The plotline of The Immortal is quite different from that of the book on which it is based (the protagonist of the book was a vagrant, not a test driver, who discovers his immortality when he sells his blood). Instead, The Immortal bears more than a superficial resemblance to the then-recent, very popular TV series, The Fugitive, which still aired in syndicated reruns. That series had ended its four-season run three years before The Immortal began. It is also the mirror of the series Run for Your Life about a man suffering from a terminal disease who wants to experience everything because he is going to die soon, while Richards has to run because he will live virtually forever.
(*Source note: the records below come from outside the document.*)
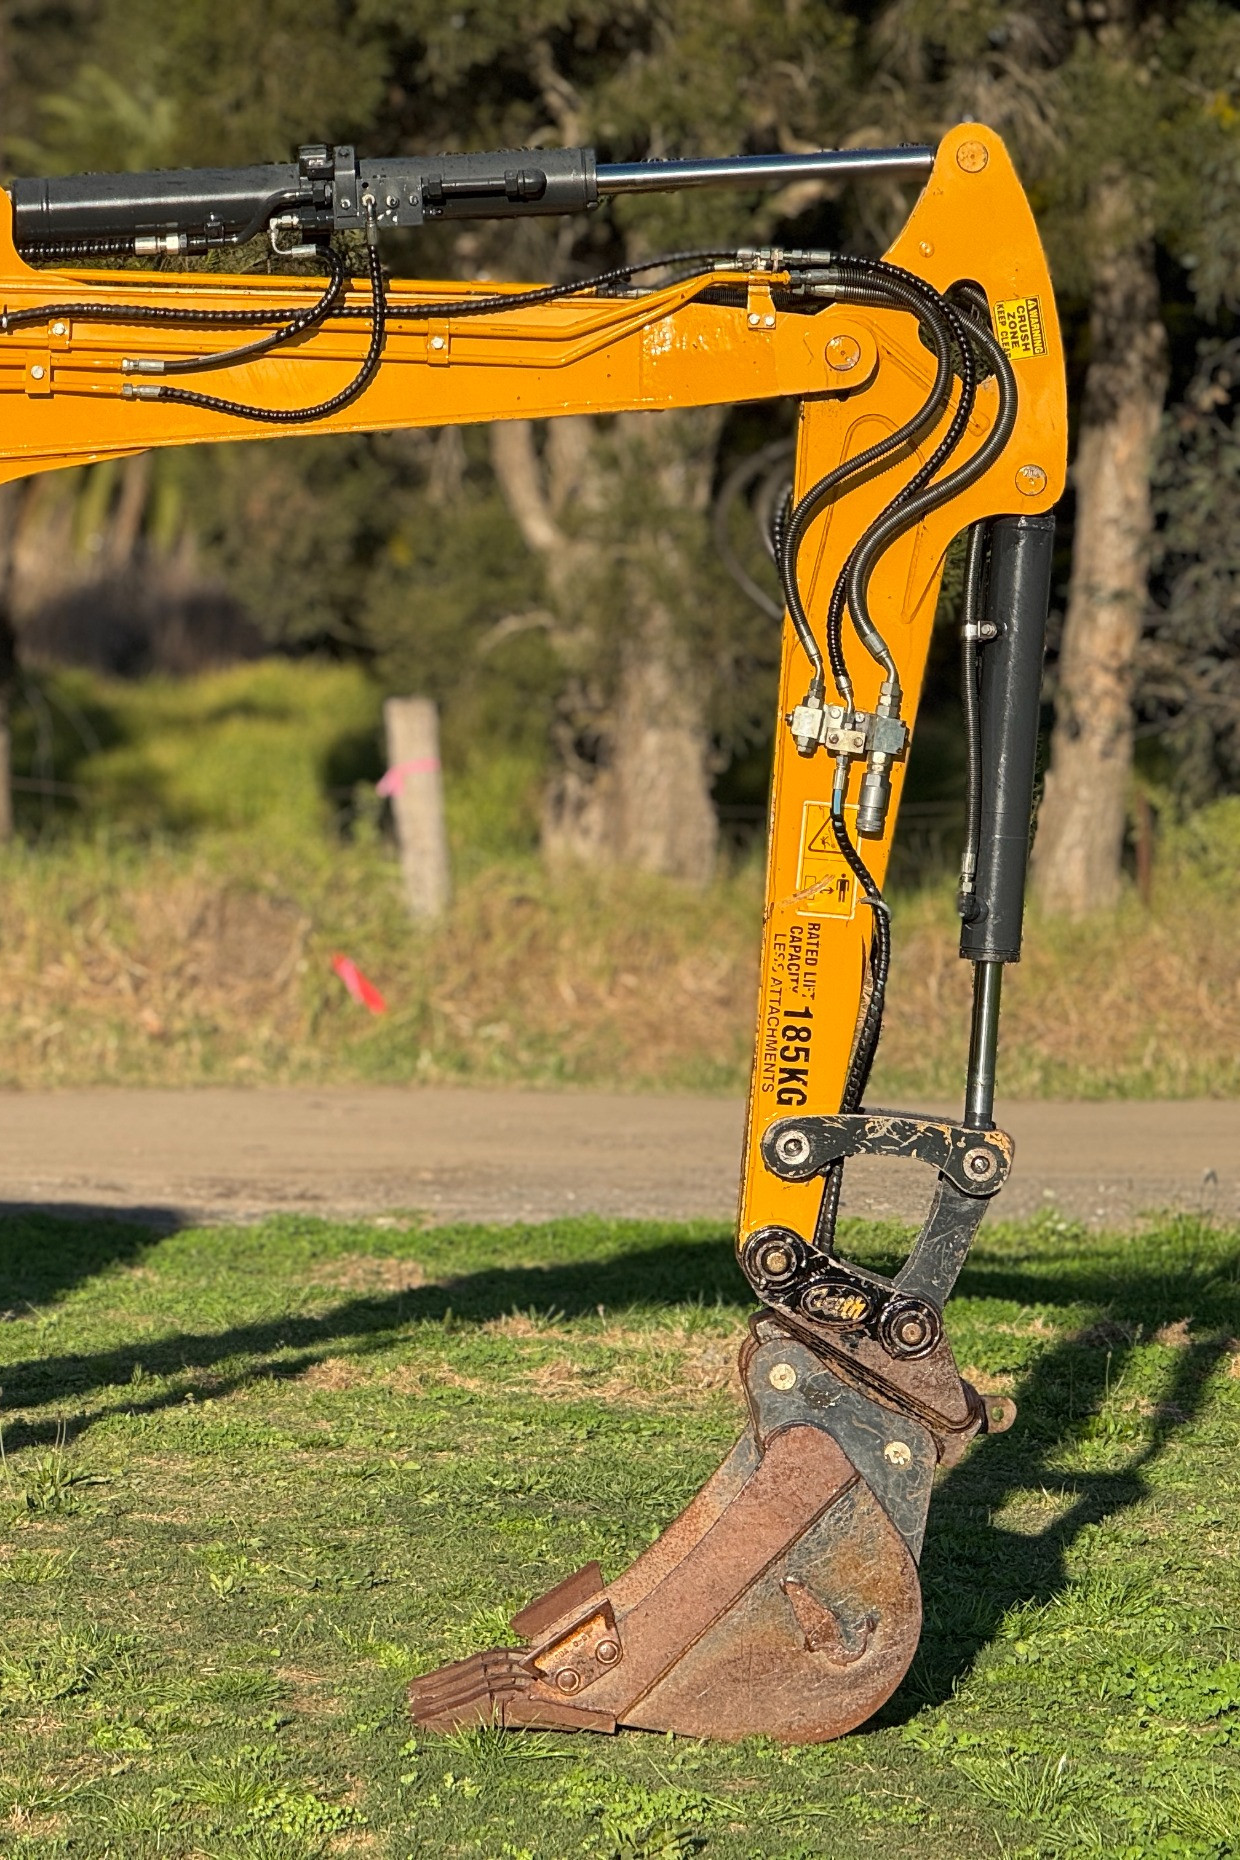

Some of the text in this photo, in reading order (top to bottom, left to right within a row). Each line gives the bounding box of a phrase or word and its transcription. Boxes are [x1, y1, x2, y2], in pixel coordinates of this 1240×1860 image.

[996, 303, 1006, 326] KEEP
[1007, 311, 1020, 349] ZONE
[1016, 305, 1031, 352] CRUSH
[1028, 308, 1044, 354] WARNING
[786, 926, 804, 994] CAPACITY
[804, 922, 821, 966] RATED
[762, 933, 787, 1093] LESS ATTACHMENTS
[776, 1005, 814, 1107] 185KG
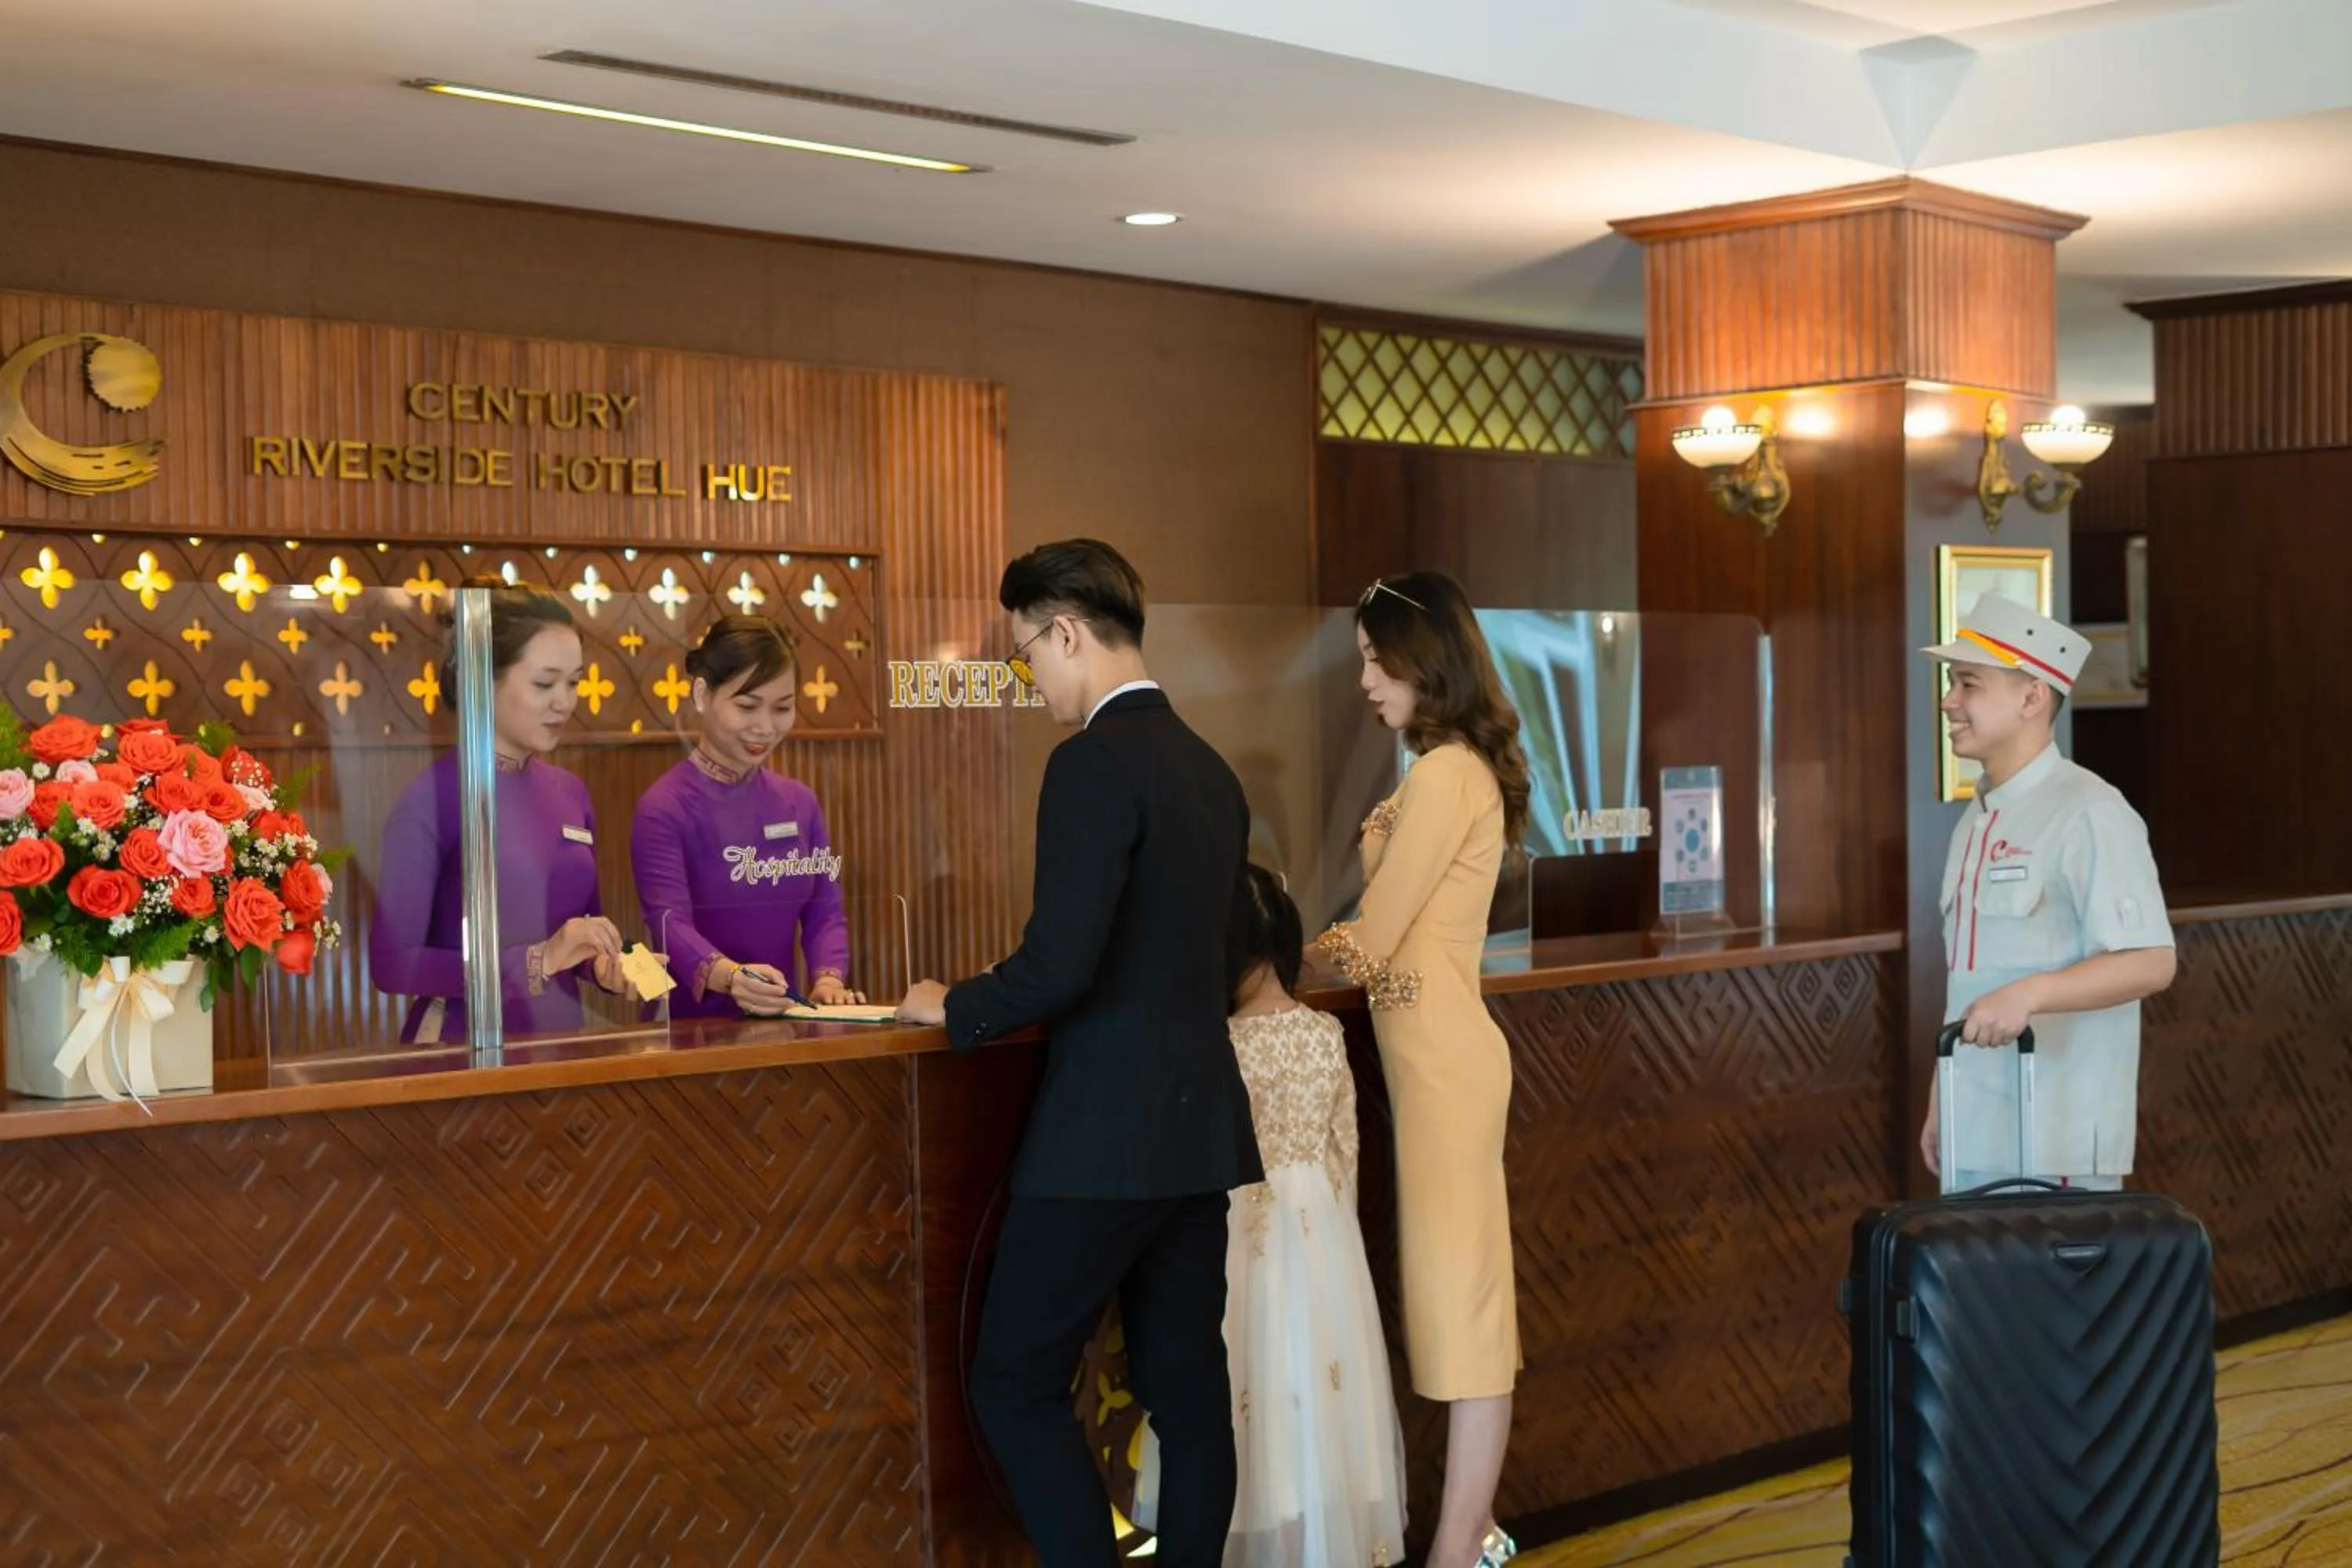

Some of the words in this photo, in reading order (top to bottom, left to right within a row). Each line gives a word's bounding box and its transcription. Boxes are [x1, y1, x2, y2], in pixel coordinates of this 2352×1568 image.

The Immortal was cancelled before a proper finale episode could be filmed.

==Cast==
- Christopher George as Ben Richards
- Don Knight as Fletcher
- David Brian as Arthur Maitland
- Carol Lynley as Sylvia Cartwright
- Barry Sullivan as Jordan Braddock
- Jessica Walter as Janet Braddock
- Ralph Bellamy as Dr. Matthew Pearce
- Nico Minardos as Simon Brent
- Paul Frees Narrator

==Episodes==

| No. | Title | Directed by | Written by | Original release date |
| Film | "The Immortal" | Joseph Sargent | Robert Specht | September 30, 1969 |
Ben Richards is a race driver with unique blood, which makes him immune to all known diseases, even old age. When a dying billionaire discovers Ben's secret, he is determined to keep himself alive. Note: 90-minute television film.
| 1 | "Sylvia" | Don McDougall | Robert Malcolm Young | September 24, 1970 |
Fletcher hopes the recent engagement of Ben's one-time fiancée will lead to his capture.
| 2 | "White Elephants Don't Grow on Trees" | Michael Caffey | Shimon Wincelberg | October 1, 1970 |
Ben aids a down-on-his-luck salvage dealer delivering toxic gas canisters.
| 3 | "Reflections on a Lost Tomorrow" | Leslie H. Martinson | Robert Hamner | October 8, 1970 |
In a bid to help himself, Ben gets a job with a doctor studying blood and longevity.
| 4 | "The Legacy" | Robert Douglas | Bob & Wanda Duncan | October 15, 1970 |
Ben helps a group of Mexican Americans working in an illegal mining camp, many of whom are suffering from typhoid fever.
| 5 | "The Rainbow Butcher" | Nicholas Webster | Jack Turley | October 22, 1970 |
Ben finds himself arrested on a trumped-up traffic charge by a crooked sheriff.
| 6 | "Man on a Punched Card" | Don Weis | Shimon Wincelberg | October 29, 1970 |
Fletcher hires computer programmers to track Ben's moves and ultimately capture him.
| 7 | "White Horse, Steel Horse" | Leslie H. Martinson | T : Stephen Kandel S/T : Gene L. Coon | November 5, 1970 |
Ben is charged with the murder of a rancher who refuses to pay his hired hands fair wages.
| 8 | "The Queen's Gambit" | Robert Douglas | Stephen Kandel | November 12, 1970 |
Tricked by a woman feigning car trouble, Ben finds himself captured by a ruthless young billionaire.
| 9 | "By Gift of Chance" | Irving J. Moore | Ken Trevey | November 19, 1970 |
A foreman on a farm deliberately poisons his workers with pesticide, one of them Ben's friend.
| 10 | "Dead Man, Dead Man" | Allen Baron | William Wood | December 3, 1970 |
Ben assumes a dead man's identity, but must still jump through many hoops to avoid Fletcher's clutches.
| 11 | "Paradise Bay" | Don Weis | S : Dan Ullman T : Stephen Kandel S/T : Ben Masselink | December 10, 1970 |
Ben searches for his brother in an old, decaying beach town that is slated for corporate development.
| 12 | "The Return" | Michael Caffey | Robert Specht | December 17, 1970 |
Ben tries to help a childhood friend who will face murder charges if an injured man dies.
| 13 | "To the Gods Alone" | Leslie H. Martinson | Ken Trevey | December 31, 1970 |
With Ben trapped by Fletcher, the two recall a mutual acquaintance.
| 14 | "Sanctuary" | Michael Caffey | William Eastlake | January 7, 1971 |
After escaping from Fletcher, Ben seeks cover on an Indian reservation.
| 15 | "My Brother's Keeper" | Charles Rondeau | T : Stephen Kandel S/T : Bob & Wanda Duncan | January 14, 1971 |
Ben thinks he may have found his brother. Note: Final episode of series.

==DVD release==

On October 16, 2017, it was announced that Visual Entertainment Inc. had acquired the rights to the series. They subsequently released The Immortal - 'The Complete Collection' on DVD in Region 1 on November 9, 2017.